What do employees appreciate most about the culture? How do they talk about it? What kind of people seem to be the most admired and which individuals might be your strongest advocates (or potentially your biggest opponents)? Leaders typically have greater success when they know the lay of the land from a cultural perspective rather than trying to steamroll through respected people and processes in order to get things done their way.
An instant likability It doesn’t matter how high up in the organization they are – some of the best leaders have a warm personality that invites people in right away. This “likability” factor makes them a pleasure to be around because they exude a certain authenticity and care behind every word and action.
It’s not just about running a company to them. It’s about building a special place that makes a difference in the lives of others, which very much includes the lives of those within the company walls. They have a sense of humor about things and aren’t afraid to display it. Now, some may believe that a leader who lets their guard down a bit risks losing respect but it’s actually just the opposite – respect out of genuine admiration will almost always propel a leader farther than respect out of fear.

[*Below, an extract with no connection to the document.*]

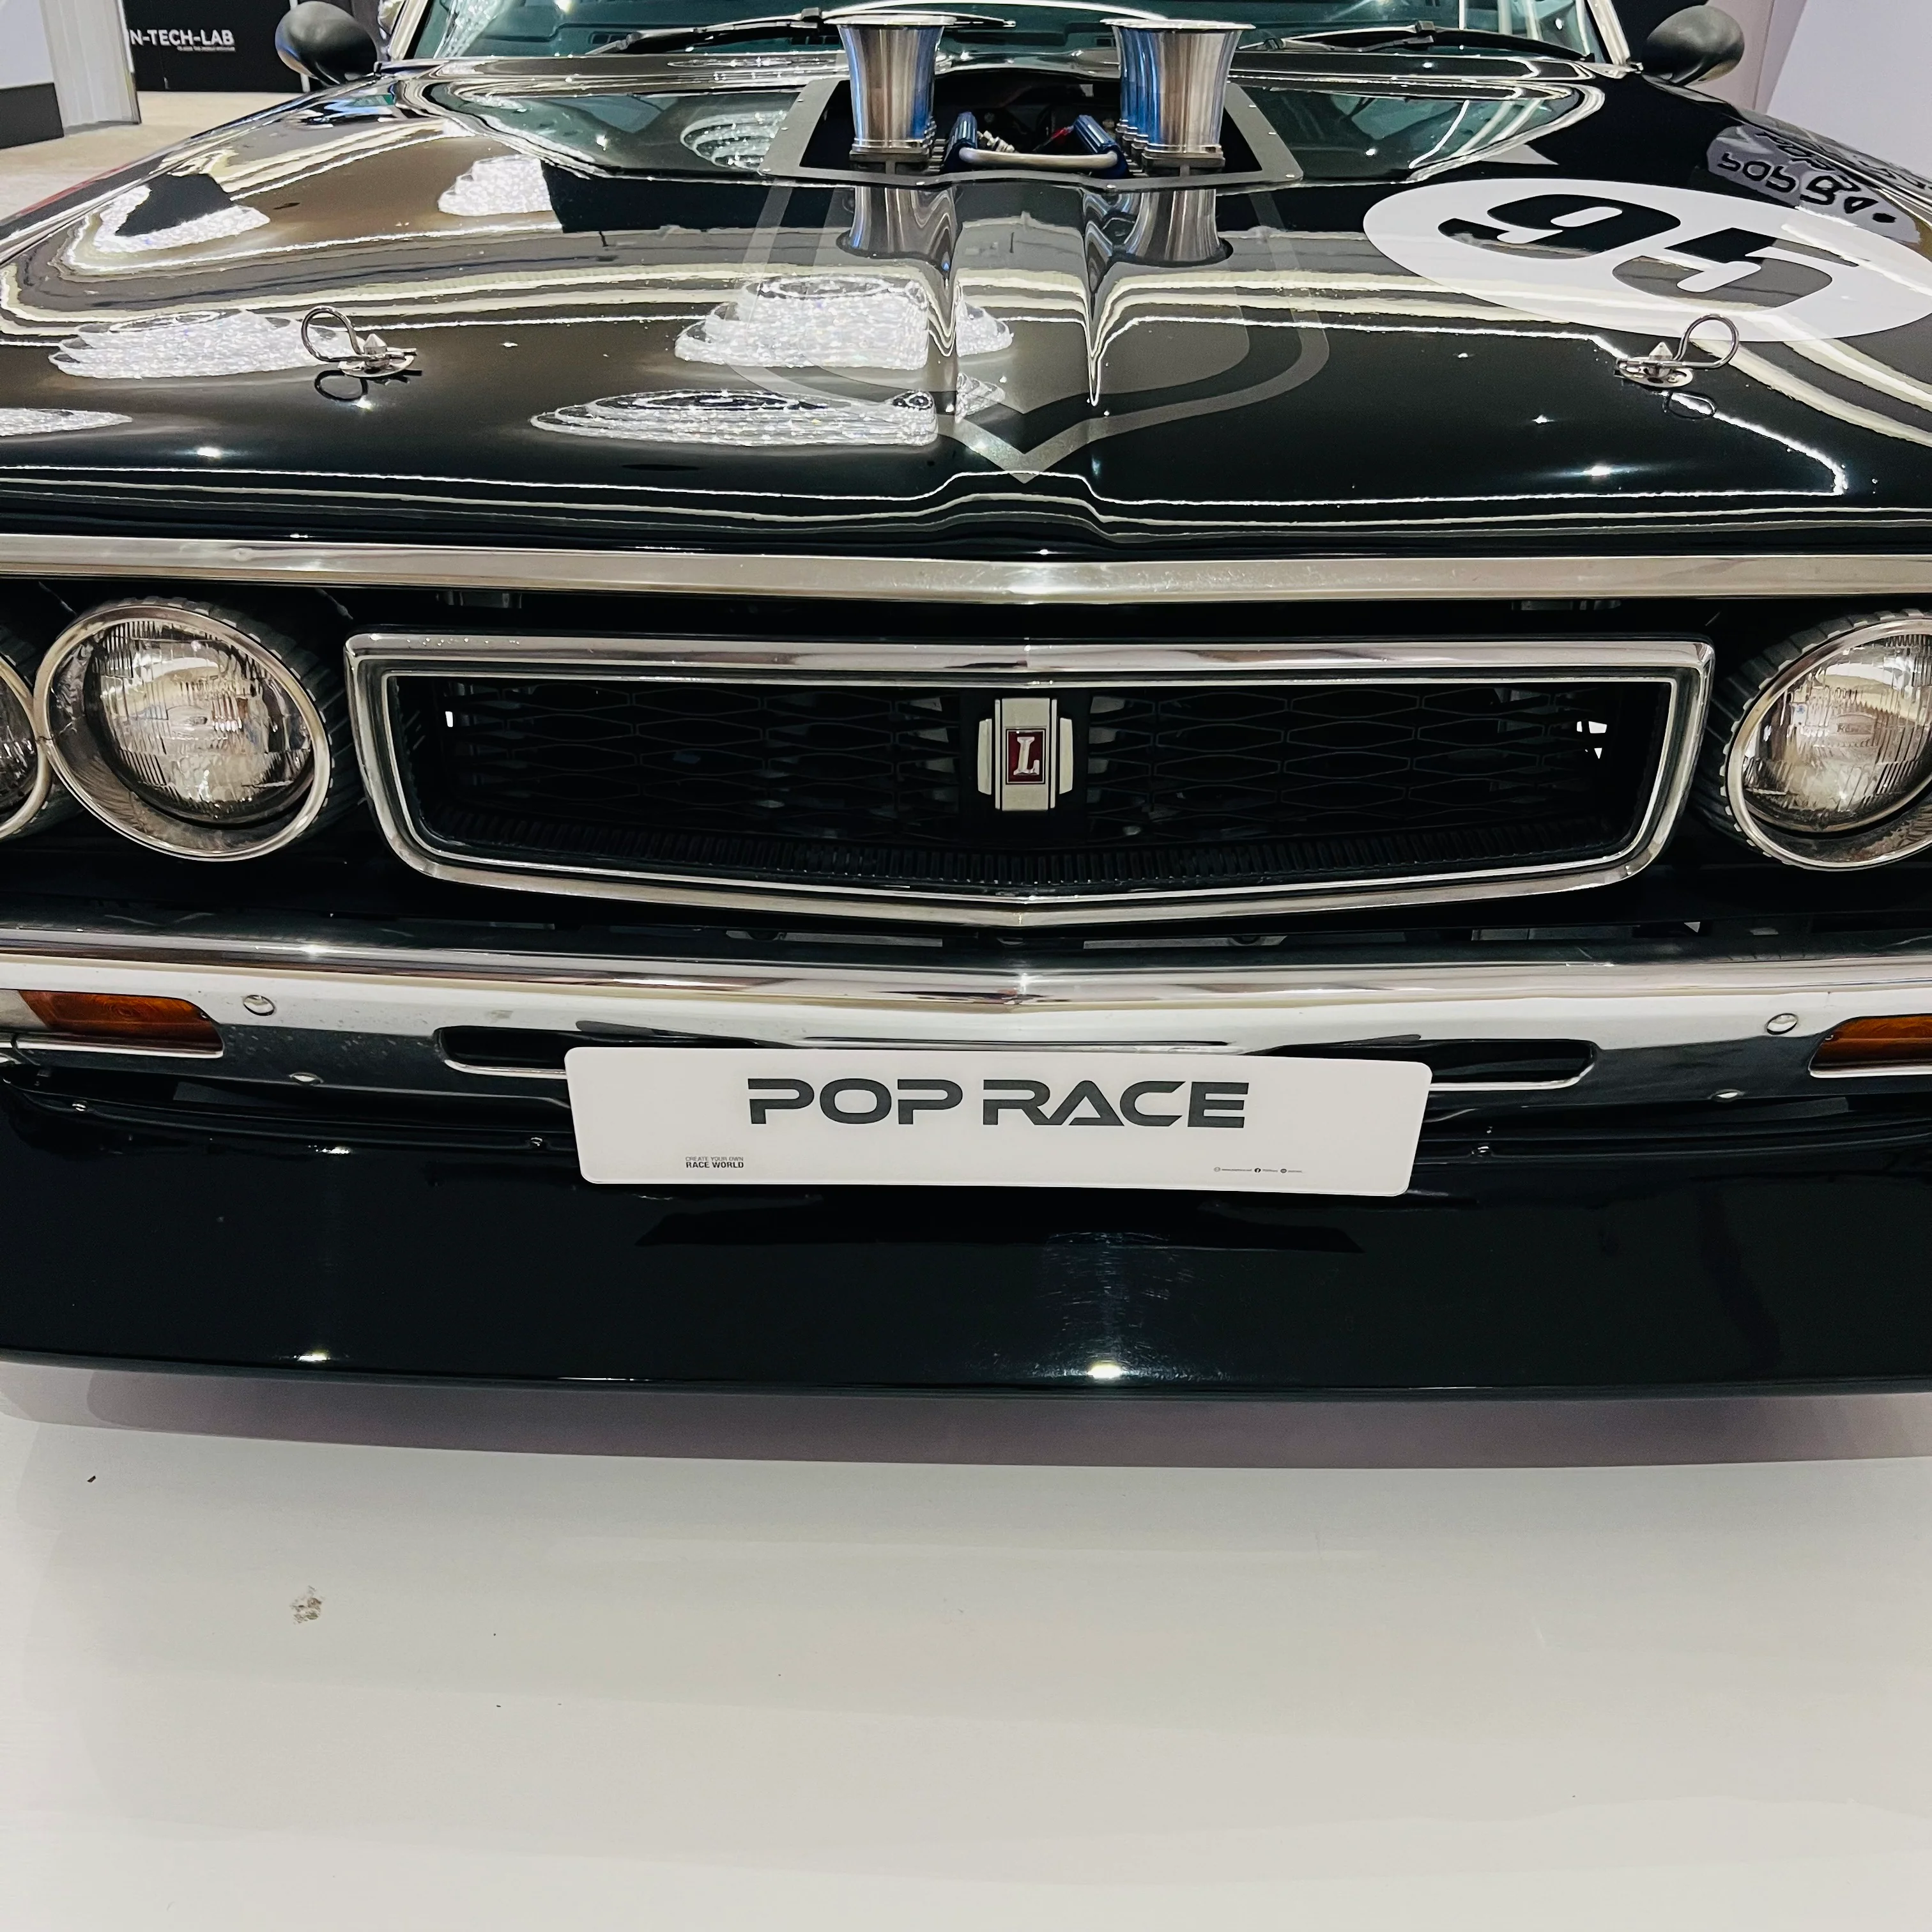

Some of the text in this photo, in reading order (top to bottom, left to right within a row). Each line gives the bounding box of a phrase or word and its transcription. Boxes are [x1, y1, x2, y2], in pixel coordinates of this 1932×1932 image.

When you’re truly likable, the troops will follow you into battle practically anytime, anywhere.
Demonstrates the desired behavior regularly Great leaders do more than just give people marching orders – they get in the trenches and literally show everyone how they want things done. You won’t hear this kind of person saying, “Do as I say, not as I do.”
For example, let’s say an organization hires a new manager who is tasked with ramping up new business development activities. Sure, that manager could do a lot of talking about quotas and the desired target customer. But instead, he’s going to demonstrate the style of behavior necessary for effective cold calling and making appointments. Later on, he’s going to train other staff members on how to manage a new database. Tomorrow, he’s going to be heavily involved in changing processes, like making workflow improvements. We’re talking about an individual who performs actions, not just words.
Mentor and manager in one Whenever I hear a candidate talk about some of the best managers they’ve ever had, I often hear them mention how that manager was such an outstanding mentor. These types of teachers don’t merely see a company mission that has to be achieved.
Again, they have the personality that genuinely cares about lifting the rest of the team up, including understanding what makes each person tick. They want to get a keen sense of every employee’s passions and goals, both professionally and personally. Such a leader is thinking, “Utilizing the experience and insight I’ve gained from my career, how can I help this person get to where they want to go?”
So they give to others selflessly, with the full knowledge that someday, the very person they’re mentoring may leave, taking those newfound skills with them. However, the manager never lets this thought hold them back from imparting the necessary wisdom. They know people may eventually leave the company for various reasons. But by being a strong mentor now, they’ll have a much better chance of retaining those valuable employees longer.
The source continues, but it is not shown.